The task
Your answer should be the full set of records, printed exactly as they stand.

Input material
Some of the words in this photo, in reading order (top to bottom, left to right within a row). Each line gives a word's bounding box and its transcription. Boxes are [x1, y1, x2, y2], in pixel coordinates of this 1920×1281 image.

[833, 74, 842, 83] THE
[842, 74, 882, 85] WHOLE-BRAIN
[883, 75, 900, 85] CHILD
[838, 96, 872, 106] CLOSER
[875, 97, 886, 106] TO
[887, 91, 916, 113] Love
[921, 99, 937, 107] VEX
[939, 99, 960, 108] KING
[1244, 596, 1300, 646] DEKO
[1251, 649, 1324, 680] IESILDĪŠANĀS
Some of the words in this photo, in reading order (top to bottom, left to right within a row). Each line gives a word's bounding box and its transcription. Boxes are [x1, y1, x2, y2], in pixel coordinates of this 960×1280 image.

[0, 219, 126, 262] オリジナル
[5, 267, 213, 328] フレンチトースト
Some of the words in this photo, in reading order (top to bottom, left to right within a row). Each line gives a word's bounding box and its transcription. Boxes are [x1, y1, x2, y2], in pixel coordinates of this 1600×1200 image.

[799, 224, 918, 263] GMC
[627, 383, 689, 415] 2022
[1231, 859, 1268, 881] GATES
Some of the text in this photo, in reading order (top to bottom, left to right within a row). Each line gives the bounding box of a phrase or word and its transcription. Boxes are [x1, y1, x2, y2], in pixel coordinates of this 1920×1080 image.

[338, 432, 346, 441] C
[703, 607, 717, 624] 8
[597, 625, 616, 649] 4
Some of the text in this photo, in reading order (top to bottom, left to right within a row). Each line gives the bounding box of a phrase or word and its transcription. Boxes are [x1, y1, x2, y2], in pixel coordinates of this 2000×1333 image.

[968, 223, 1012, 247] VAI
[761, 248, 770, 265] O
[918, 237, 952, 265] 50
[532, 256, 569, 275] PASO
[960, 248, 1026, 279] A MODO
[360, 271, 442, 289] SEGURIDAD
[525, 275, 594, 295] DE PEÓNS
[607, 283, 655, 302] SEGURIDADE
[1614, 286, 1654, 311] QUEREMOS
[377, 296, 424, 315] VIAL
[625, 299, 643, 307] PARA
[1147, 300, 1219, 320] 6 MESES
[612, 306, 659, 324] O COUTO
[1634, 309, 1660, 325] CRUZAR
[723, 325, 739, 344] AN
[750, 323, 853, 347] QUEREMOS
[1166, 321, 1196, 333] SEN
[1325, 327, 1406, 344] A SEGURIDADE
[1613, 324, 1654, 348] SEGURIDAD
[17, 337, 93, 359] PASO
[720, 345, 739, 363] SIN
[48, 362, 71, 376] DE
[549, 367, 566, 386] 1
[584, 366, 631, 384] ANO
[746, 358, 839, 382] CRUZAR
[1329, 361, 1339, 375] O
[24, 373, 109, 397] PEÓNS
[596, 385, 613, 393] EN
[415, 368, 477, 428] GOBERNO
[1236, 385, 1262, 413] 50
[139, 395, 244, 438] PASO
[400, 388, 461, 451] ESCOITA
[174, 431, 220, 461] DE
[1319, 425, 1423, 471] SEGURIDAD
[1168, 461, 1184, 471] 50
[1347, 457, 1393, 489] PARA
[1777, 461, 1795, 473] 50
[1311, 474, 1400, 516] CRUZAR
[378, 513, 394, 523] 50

Result of this task
Some of the words in this photo, in reading order (top to bottom, left to right within a row). Each line gives a word's bounding box and its transcription. Boxes are [x1, y1, x2, y2], in pixel coordinates of this 1920×1281 image.

[833, 74, 842, 83] THE
[842, 74, 882, 85] WHOLE-BRAIN
[883, 75, 900, 85] CHILD
[838, 96, 872, 106] CLOSER
[875, 97, 886, 106] TO
[887, 91, 916, 113] Love
[921, 99, 937, 107] VEX
[939, 99, 960, 108] KING
[1244, 596, 1300, 646] DEKO
[1251, 649, 1324, 680] IESILDĪŠANĀS
Some of the words in this photo, in reading order (top to bottom, left to right within a row). Each line gives a word's bounding box and its transcription. Boxes are [x1, y1, x2, y2], in pixel coordinates of this 960×1280 image.

[0, 219, 126, 262] オリジナル
[5, 267, 213, 328] フレンチトースト
Some of the words in this photo, in reading order (top to bottom, left to right within a row). Each line gives a word's bounding box and its transcription. Boxes are [x1, y1, x2, y2], in pixel coordinates of this 1600×1200 image.

[799, 224, 918, 263] GMC
[627, 383, 689, 415] 2022
[1231, 859, 1268, 881] GATES
Some of the text in this photo, in reading order (top to bottom, left to right within a row). Each line gives the bounding box of a phrase or word and its transcription. Boxes are [x1, y1, x2, y2], in pixel coordinates of this 1920×1080 image.

[338, 432, 346, 441] C
[703, 607, 717, 624] 8
[597, 625, 616, 649] 4
Some of the text in this photo, in reading order (top to bottom, left to right within a row). Each line gives the bounding box of a phrase or word and its transcription. Boxes are [x1, y1, x2, y2], in pixel coordinates of this 2000×1333 image.

[968, 223, 1012, 247] VAI
[761, 248, 770, 265] O
[918, 237, 952, 265] 50
[532, 256, 569, 275] PASO
[960, 248, 1026, 279] A MODO
[360, 271, 442, 289] SEGURIDAD
[525, 275, 594, 295] DE PEÓNS
[607, 283, 655, 302] SEGURIDADE
[1614, 286, 1654, 311] QUEREMOS
[377, 296, 424, 315] VIAL
[625, 299, 643, 307] PARA
[1147, 300, 1219, 320] 6 MESES
[612, 306, 659, 324] O COUTO
[1634, 309, 1660, 325] CRUZAR
[723, 325, 739, 344] AN
[750, 323, 853, 347] QUEREMOS
[1166, 321, 1196, 333] SEN
[1325, 327, 1406, 344] A SEGURIDADE
[1613, 324, 1654, 348] SEGURIDAD
[17, 337, 93, 359] PASO
[720, 345, 739, 363] SIN
[48, 362, 71, 376] DE
[549, 367, 566, 386] 1
[584, 366, 631, 384] ANO
[746, 358, 839, 382] CRUZAR
[1329, 361, 1339, 375] O
[24, 373, 109, 397] PEÓNS
[596, 385, 613, 393] EN
[415, 368, 477, 428] GOBERNO
[1236, 385, 1262, 413] 50
[139, 395, 244, 438] PASO
[400, 388, 461, 451] ESCOITA
[174, 431, 220, 461] DE
[1319, 425, 1423, 471] SEGURIDAD
[1168, 461, 1184, 471] 50
[1347, 457, 1393, 489] PARA
[1777, 461, 1795, 473] 50
[1311, 474, 1400, 516] CRUZAR
[378, 513, 394, 523] 50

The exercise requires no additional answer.